* _Task goal_:
The records below must be reproduced in full and without error.

═════ Supplied material

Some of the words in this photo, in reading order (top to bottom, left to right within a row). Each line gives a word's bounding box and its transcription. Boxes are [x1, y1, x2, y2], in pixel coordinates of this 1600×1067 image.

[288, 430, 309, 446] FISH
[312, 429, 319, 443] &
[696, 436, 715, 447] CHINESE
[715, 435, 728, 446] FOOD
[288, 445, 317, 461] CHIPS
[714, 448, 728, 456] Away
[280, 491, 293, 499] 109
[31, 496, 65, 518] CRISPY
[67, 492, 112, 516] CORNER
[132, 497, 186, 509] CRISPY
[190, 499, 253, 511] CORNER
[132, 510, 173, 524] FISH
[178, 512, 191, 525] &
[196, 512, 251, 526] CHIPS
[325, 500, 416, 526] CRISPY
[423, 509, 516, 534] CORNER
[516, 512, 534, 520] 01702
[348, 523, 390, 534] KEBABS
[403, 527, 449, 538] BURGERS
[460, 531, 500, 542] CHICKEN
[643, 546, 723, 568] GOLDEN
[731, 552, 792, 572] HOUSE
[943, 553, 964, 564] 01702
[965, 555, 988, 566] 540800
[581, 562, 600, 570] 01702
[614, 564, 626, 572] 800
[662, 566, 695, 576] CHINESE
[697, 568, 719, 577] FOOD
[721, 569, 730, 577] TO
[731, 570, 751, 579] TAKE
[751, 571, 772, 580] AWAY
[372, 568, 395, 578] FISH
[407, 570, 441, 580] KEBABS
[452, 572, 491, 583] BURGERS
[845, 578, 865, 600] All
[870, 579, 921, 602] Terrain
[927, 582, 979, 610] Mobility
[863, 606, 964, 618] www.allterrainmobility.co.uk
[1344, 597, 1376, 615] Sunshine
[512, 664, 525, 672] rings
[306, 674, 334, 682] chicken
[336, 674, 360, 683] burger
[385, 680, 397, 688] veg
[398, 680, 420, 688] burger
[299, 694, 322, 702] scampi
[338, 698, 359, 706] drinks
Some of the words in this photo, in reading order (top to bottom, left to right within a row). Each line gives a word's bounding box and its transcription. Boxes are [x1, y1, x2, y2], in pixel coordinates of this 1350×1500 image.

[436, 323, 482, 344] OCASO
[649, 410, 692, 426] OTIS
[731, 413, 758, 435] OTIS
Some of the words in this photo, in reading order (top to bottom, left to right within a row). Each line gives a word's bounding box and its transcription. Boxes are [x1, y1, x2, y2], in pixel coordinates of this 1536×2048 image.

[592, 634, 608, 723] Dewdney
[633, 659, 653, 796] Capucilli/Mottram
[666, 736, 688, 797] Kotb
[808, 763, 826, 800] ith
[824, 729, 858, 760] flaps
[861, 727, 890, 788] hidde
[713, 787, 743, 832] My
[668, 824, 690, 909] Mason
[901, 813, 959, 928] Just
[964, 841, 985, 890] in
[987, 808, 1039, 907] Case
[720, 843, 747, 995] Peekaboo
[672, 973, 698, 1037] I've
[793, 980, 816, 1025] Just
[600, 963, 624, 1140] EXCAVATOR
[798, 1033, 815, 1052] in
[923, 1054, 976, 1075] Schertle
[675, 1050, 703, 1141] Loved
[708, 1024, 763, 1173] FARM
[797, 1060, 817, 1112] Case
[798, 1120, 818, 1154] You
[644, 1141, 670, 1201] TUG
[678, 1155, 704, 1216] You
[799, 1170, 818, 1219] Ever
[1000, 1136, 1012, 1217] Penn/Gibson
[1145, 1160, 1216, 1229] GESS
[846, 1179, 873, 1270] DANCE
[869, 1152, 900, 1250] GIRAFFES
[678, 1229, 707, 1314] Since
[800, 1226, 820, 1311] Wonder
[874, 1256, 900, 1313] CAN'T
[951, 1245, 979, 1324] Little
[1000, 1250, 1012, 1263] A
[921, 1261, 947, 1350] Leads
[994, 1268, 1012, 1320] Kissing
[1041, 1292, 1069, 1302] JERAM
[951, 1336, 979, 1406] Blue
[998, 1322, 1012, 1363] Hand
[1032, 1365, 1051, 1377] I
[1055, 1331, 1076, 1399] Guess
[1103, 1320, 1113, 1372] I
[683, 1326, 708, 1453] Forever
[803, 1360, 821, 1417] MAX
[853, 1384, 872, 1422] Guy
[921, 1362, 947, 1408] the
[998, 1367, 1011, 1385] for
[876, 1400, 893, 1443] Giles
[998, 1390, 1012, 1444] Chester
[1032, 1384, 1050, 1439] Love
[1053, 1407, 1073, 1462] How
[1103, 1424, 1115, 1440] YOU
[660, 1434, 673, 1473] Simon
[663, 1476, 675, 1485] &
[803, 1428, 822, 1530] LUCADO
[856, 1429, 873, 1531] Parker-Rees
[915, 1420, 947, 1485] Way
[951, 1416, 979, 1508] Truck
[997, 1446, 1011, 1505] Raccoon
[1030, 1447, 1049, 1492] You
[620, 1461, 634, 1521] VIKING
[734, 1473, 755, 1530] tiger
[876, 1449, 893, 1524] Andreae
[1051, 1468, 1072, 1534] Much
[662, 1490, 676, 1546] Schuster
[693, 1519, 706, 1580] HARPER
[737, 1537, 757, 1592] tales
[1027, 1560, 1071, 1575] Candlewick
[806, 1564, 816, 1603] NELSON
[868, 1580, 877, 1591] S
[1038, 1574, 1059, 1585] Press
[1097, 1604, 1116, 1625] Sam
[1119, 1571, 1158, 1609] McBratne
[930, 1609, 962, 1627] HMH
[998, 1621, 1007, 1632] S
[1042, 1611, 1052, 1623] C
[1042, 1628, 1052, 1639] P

══════════

* _Solution to the exercise_:
Some of the words in this photo, in reading order (top to bottom, left to right within a row). Each line gives a word's bounding box and its transcription. Boxes are [x1, y1, x2, y2], in pixel coordinates of this 1600×1067 image.

[288, 430, 309, 446] FISH
[312, 429, 319, 443] &
[696, 436, 715, 447] CHINESE
[715, 435, 728, 446] FOOD
[288, 445, 317, 461] CHIPS
[714, 448, 728, 456] Away
[280, 491, 293, 499] 109
[31, 496, 65, 518] CRISPY
[67, 492, 112, 516] CORNER
[132, 497, 186, 509] CRISPY
[190, 499, 253, 511] CORNER
[132, 510, 173, 524] FISH
[178, 512, 191, 525] &
[196, 512, 251, 526] CHIPS
[325, 500, 416, 526] CRISPY
[423, 509, 516, 534] CORNER
[516, 512, 534, 520] 01702
[348, 523, 390, 534] KEBABS
[403, 527, 449, 538] BURGERS
[460, 531, 500, 542] CHICKEN
[643, 546, 723, 568] GOLDEN
[731, 552, 792, 572] HOUSE
[943, 553, 964, 564] 01702
[965, 555, 988, 566] 540800
[581, 562, 600, 570] 01702
[614, 564, 626, 572] 800
[662, 566, 695, 576] CHINESE
[697, 568, 719, 577] FOOD
[721, 569, 730, 577] TO
[731, 570, 751, 579] TAKE
[751, 571, 772, 580] AWAY
[372, 568, 395, 578] FISH
[407, 570, 441, 580] KEBABS
[452, 572, 491, 583] BURGERS
[845, 578, 865, 600] All
[870, 579, 921, 602] Terrain
[927, 582, 979, 610] Mobility
[863, 606, 964, 618] www.allterrainmobility.co.uk
[1344, 597, 1376, 615] Sunshine
[512, 664, 525, 672] rings
[306, 674, 334, 682] chicken
[336, 674, 360, 683] burger
[385, 680, 397, 688] veg
[398, 680, 420, 688] burger
[299, 694, 322, 702] scampi
[338, 698, 359, 706] drinks
Some of the words in this photo, in reading order (top to bottom, left to right within a row). Each line gives a word's bounding box and its transcription. Boxes are [x1, y1, x2, y2], in pixel coordinates of this 1350×1500 image.

[436, 323, 482, 344] OCASO
[649, 410, 692, 426] OTIS
[731, 413, 758, 435] OTIS
Some of the words in this photo, in reading order (top to bottom, left to right within a row). Each line gives a word's bounding box and its transcription. Boxes are [x1, y1, x2, y2], in pixel coordinates of this 1536×2048 image.

[592, 634, 608, 723] Dewdney
[633, 659, 653, 796] Capucilli/Mottram
[666, 736, 688, 797] Kotb
[808, 763, 826, 800] ith
[824, 729, 858, 760] flaps
[861, 727, 890, 788] hidde
[713, 787, 743, 832] My
[668, 824, 690, 909] Mason
[901, 813, 959, 928] Just
[964, 841, 985, 890] in
[987, 808, 1039, 907] Case
[720, 843, 747, 995] Peekaboo
[672, 973, 698, 1037] I've
[793, 980, 816, 1025] Just
[600, 963, 624, 1140] EXCAVATOR
[798, 1033, 815, 1052] in
[923, 1054, 976, 1075] Schertle
[675, 1050, 703, 1141] Loved
[708, 1024, 763, 1173] FARM
[797, 1060, 817, 1112] Case
[798, 1120, 818, 1154] You
[644, 1141, 670, 1201] TUG
[678, 1155, 704, 1216] You
[799, 1170, 818, 1219] Ever
[1000, 1136, 1012, 1217] Penn/Gibson
[1145, 1160, 1216, 1229] GESS
[846, 1179, 873, 1270] DANCE
[869, 1152, 900, 1250] GIRAFFES
[678, 1229, 707, 1314] Since
[800, 1226, 820, 1311] Wonder
[874, 1256, 900, 1313] CAN'T
[951, 1245, 979, 1324] Little
[1000, 1250, 1012, 1263] A
[921, 1261, 947, 1350] Leads
[994, 1268, 1012, 1320] Kissing
[1041, 1292, 1069, 1302] JERAM
[951, 1336, 979, 1406] Blue
[998, 1322, 1012, 1363] Hand
[1032, 1365, 1051, 1377] I
[1055, 1331, 1076, 1399] Guess
[1103, 1320, 1113, 1372] I
[683, 1326, 708, 1453] Forever
[803, 1360, 821, 1417] MAX
[853, 1384, 872, 1422] Guy
[921, 1362, 947, 1408] the
[998, 1367, 1011, 1385] for
[876, 1400, 893, 1443] Giles
[998, 1390, 1012, 1444] Chester
[1032, 1384, 1050, 1439] Love
[1053, 1407, 1073, 1462] How
[1103, 1424, 1115, 1440] YOU
[660, 1434, 673, 1473] Simon
[663, 1476, 675, 1485] &
[803, 1428, 822, 1530] LUCADO
[856, 1429, 873, 1531] Parker-Rees
[915, 1420, 947, 1485] Way
[951, 1416, 979, 1508] Truck
[997, 1446, 1011, 1505] Raccoon
[1030, 1447, 1049, 1492] You
[620, 1461, 634, 1521] VIKING
[734, 1473, 755, 1530] tiger
[876, 1449, 893, 1524] Andreae
[1051, 1468, 1072, 1534] Much
[662, 1490, 676, 1546] Schuster
[693, 1519, 706, 1580] HARPER
[737, 1537, 757, 1592] tales
[1027, 1560, 1071, 1575] Candlewick
[806, 1564, 816, 1603] NELSON
[868, 1580, 877, 1591] S
[1038, 1574, 1059, 1585] Press
[1097, 1604, 1116, 1625] Sam
[1119, 1571, 1158, 1609] McBratne
[930, 1609, 962, 1627] HMH
[998, 1621, 1007, 1632] S
[1042, 1611, 1052, 1623] C
[1042, 1628, 1052, 1639] P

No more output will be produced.